Assigned task: Pictures must be kept out of the copy. Every entry is to be duplicated exactly.

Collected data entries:
================================
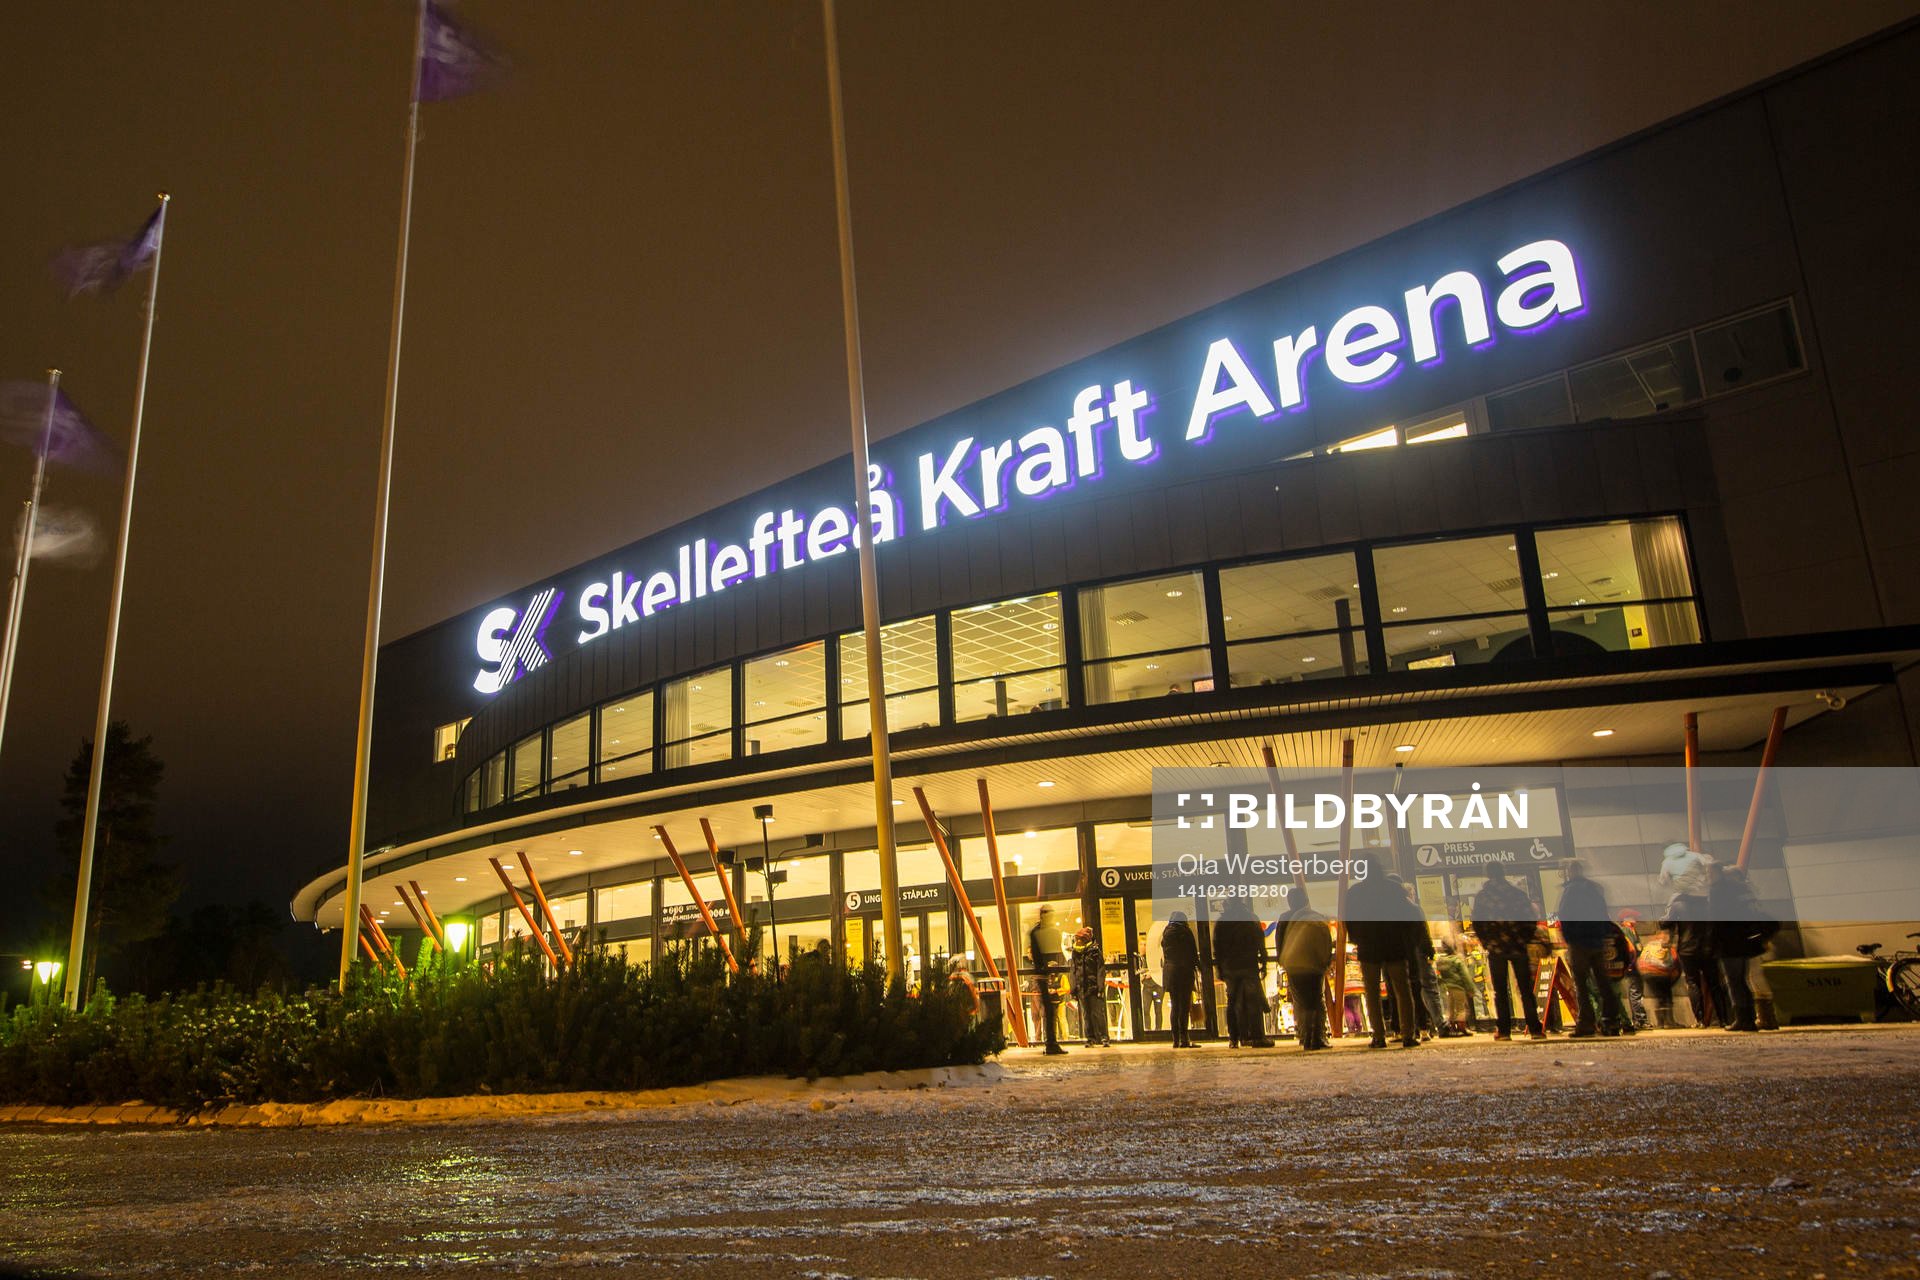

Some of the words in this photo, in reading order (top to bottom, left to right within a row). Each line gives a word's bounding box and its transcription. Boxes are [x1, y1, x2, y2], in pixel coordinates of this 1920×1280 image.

[577, 463, 895, 645] Skellefteå
[918, 379, 1154, 531] Kraft
[1184, 239, 1582, 442] Arena
[1443, 842, 1476, 854] PRESS
[1445, 850, 1516, 866] FUNKTIONÄR
[1124, 871, 1159, 881] VUXEN,
[902, 889, 939, 901] STÅPLATS
================================
Answer:
Some of the words in this photo, in reading order (top to bottom, left to right within a row). Each line gives a word's bounding box and its transcription. Boxes are [x1, y1, x2, y2], in pixel coordinates of this 1920×1280 image.

[577, 463, 895, 645] Skellefteå
[918, 379, 1154, 531] Kraft
[1184, 239, 1582, 442] Arena
[1443, 842, 1476, 854] PRESS
[1445, 850, 1516, 866] FUNKTIONÄR
[1124, 871, 1159, 881] VUXEN,
[902, 889, 939, 901] STÅPLATS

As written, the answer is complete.